This opinion appeared in the Chicago Tribune on November 29, 1998.Recent speculation about Thomas Jefferson's paternity record has provoked a range of useful observations about our country's family values, racial hypocrisies, and common future. Even the quality of academic scholarship has been challenged by the DNA evidence that at least some of the children born to Sally Hemings were fathered by her slave master and older brother-in-law (husband of her deceased half sister.) The almost invisible, but still essential background against which the Hemings-Jefferson drama finds definition in the realm identified by feminists as "the patriarchal system."
Questions of paternity are crucial in patriarchal systems. Of all the historical and social references, oddments, and complaints attached to the ideas of the patriarchy, only one condition is absolutely required--the ability to trace and establish paternity. Even more significantly, until our newest scientific test, patriarchy's strength has rested on its ability not only to claim but to deny paternity.
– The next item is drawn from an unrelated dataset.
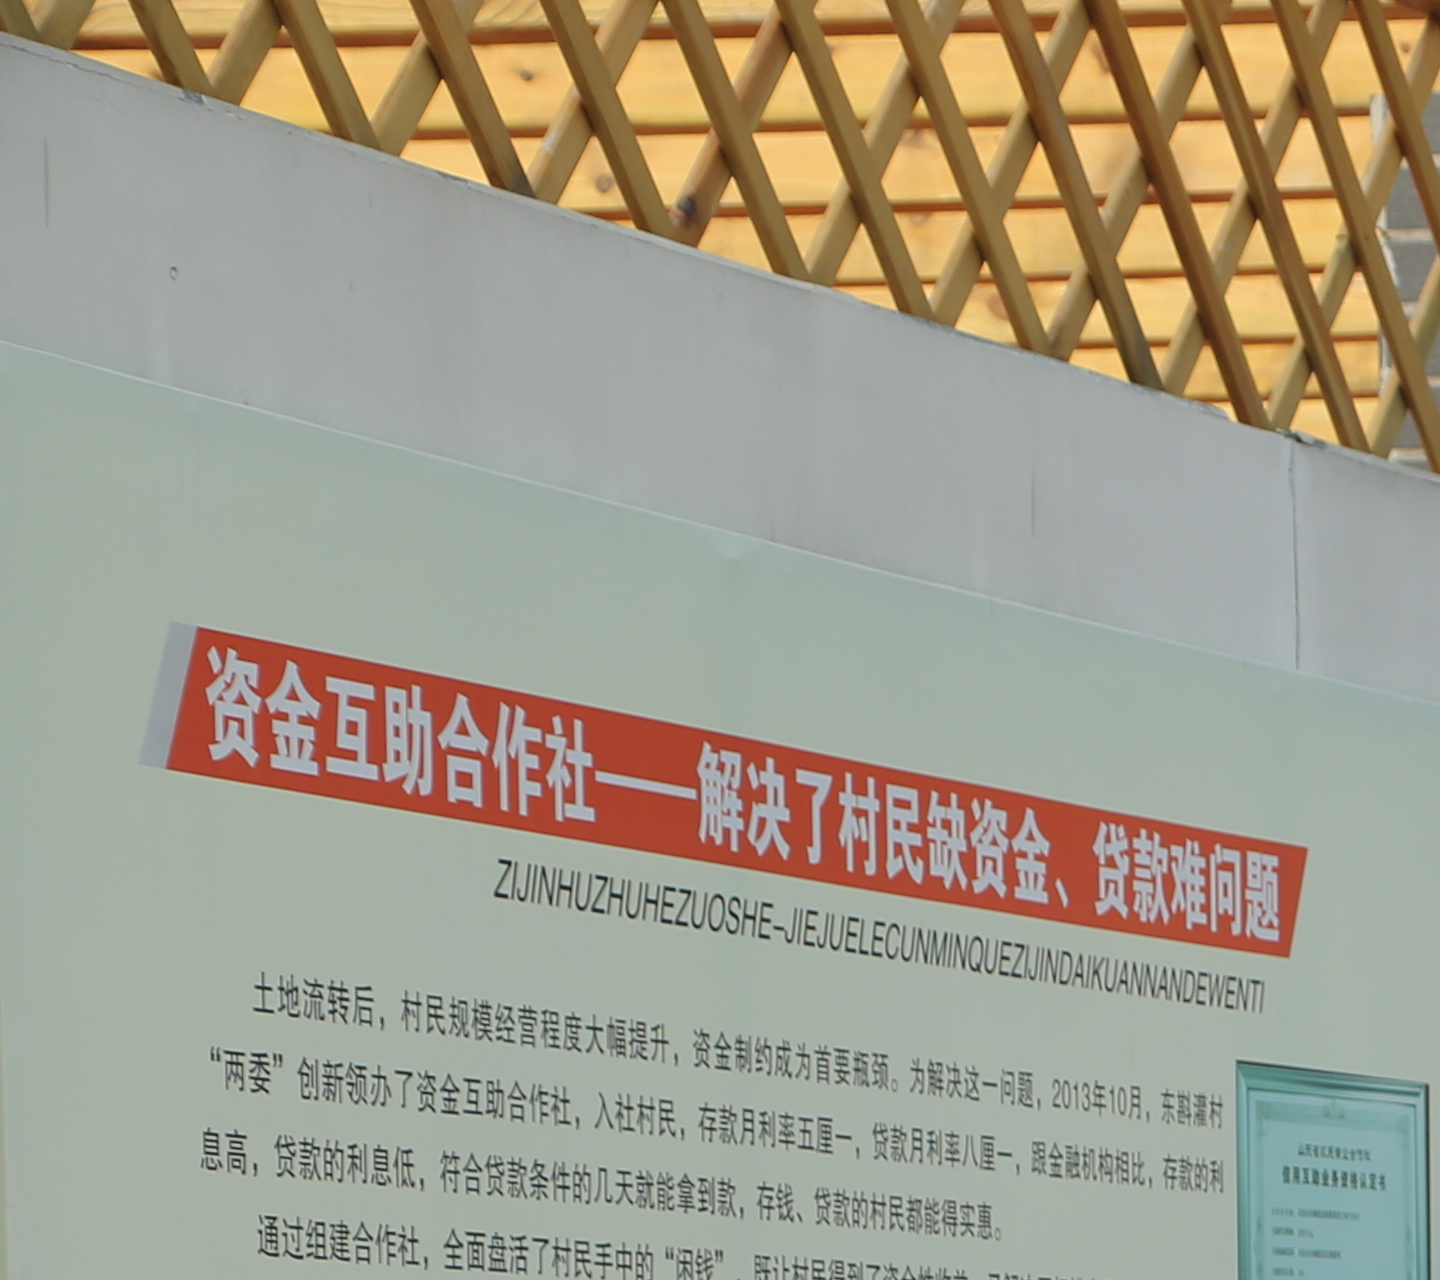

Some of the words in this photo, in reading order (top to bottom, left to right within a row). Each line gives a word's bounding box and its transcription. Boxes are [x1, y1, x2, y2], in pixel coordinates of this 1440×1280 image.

To be sure, patriarchal conditions have often served women no less than men as a means of legitimating fatherhood. The marriage system which binds one (sometimes more than one) woman to one man insures not only that the wife's children "belong" to the husband, but that the husband, in turn, owes subsistence and protection to the woman and her children. Children who fall out of the system are illegitimate because they are deniable. Without the protection/isolation of women within a legalized patriarchal system, their children would be fatherless, illegal, and without rights. Patriarchy is the system, then, which traces socially that which could not always be traced biologically.
In a world where men hold economic control, the patriarchal system can be cruel. It may support women and men and their "legitimate" children, but in sexual politics, men enjoyed a so-called double standard which allowed them to roam beyond the marriage, all the while limiting their accountability. Extra marital paternity could be denied or traced only at the expense of stigmatizing both the "other" woman and her children. The social and financial claims borne by the "extra" woman--who would have few resources, at any rate--reinforced the deniability of the man.
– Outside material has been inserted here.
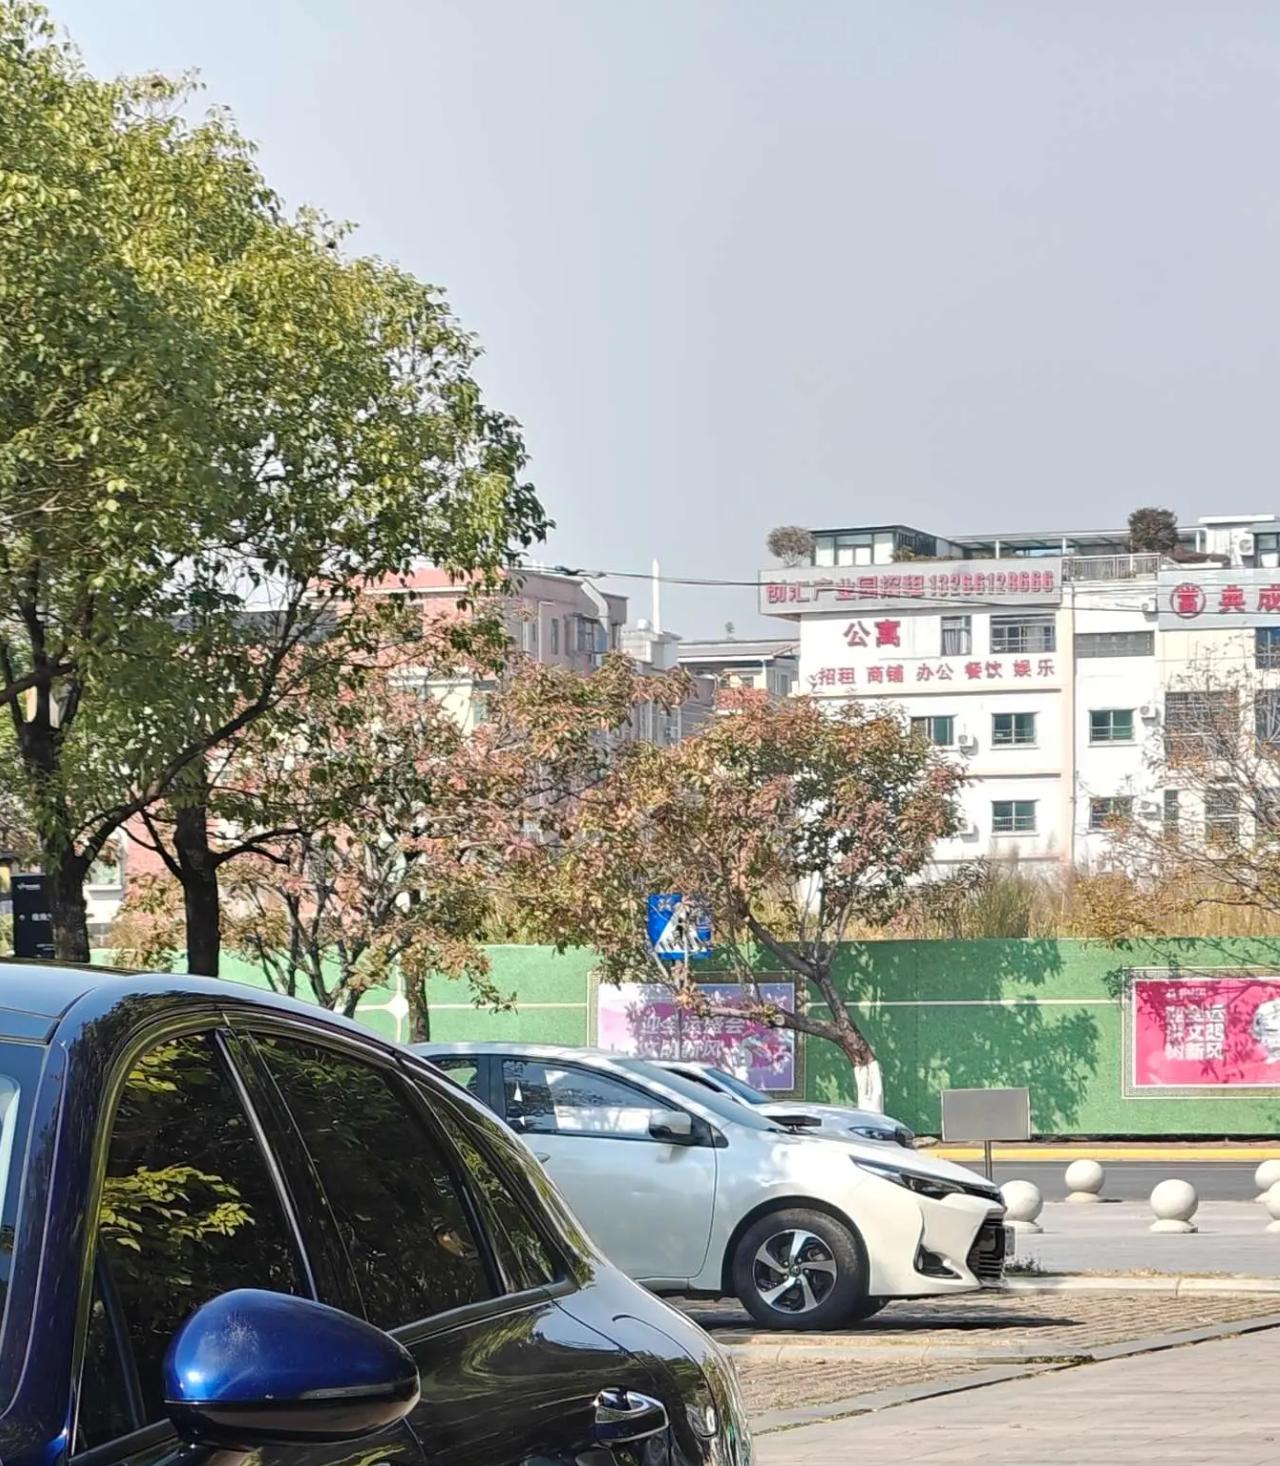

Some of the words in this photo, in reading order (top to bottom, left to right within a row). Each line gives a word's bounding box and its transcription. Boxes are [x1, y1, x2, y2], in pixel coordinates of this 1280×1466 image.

When this gendered story is played out against the racial story in America, the stakes become even higher. Especially in times of slavery, one form of submission--women gain support from men by agreeing to limit their sexual activity--reinforced another--black women had no reasonable means to agree or to disagree, and male slaves were denied any paternity rights, at all. Slave owners often viewed themselves as paternal figures, guarding their chosen women and tending their slaves, for their own good. The story of Sally Hemings and her children crystallize these connections all too well.
Late twentieth-century America is still cleaning up the trash and debris from a decaying patriarchal system. Arguments for social equality and economic opportunity become especially cogent and clear, as we see the advances of our new genetic science threatening to deflect us from the real issues. Establishing DNA markers to trace paternity back through generations may be an interesting game, but theses tools are only needed when the ethical and social tools of responsibility and justice have not been employed. Our pride in the "advancement of science" is, quite frankly, an embarrassment; it only shows how deeply our sexism and racism have run. It is time for a larger view of the family to take to stage-time to reset the priorities, time to take care of all women's children. Need we know--or care--who the father is? Legitimacy--understood as the right to equal opportunity for education, health, food, meaningful work-belongs to all of us and to all of our children.
In recent days, my colleague at Mount Holyoke College, Joseph Ellis, has energetically participated in many public debates surrounding the liaison between Sally Hemings and Thomas Jefferson. As the recipient of the National Book award for his insightful biography of Jefferson and his many intriguing intellectual puzzles, The American Sphinx, Joe has had the unusual privilege first of first denying and then affirming Jefferson's paternity. Certainly Joe would not limit the riddle of the American Sphinx to the question of which children Jefferson fathered, however titillating the ambiguities of paternal deniability. But I wonder of Joe would also extend that riddle to the legacy of Sally Hemings. After all, a sphinx in an ungendered, mysterious, yet wise figure, and perhaps Sally Hemings--the child/wife/slave/mistress of Thomas Jefferson--knew best that the duties and right of motherhood and the needs of her children were the self-evident truths which Jefferson, History and the historians would not always be able to deny.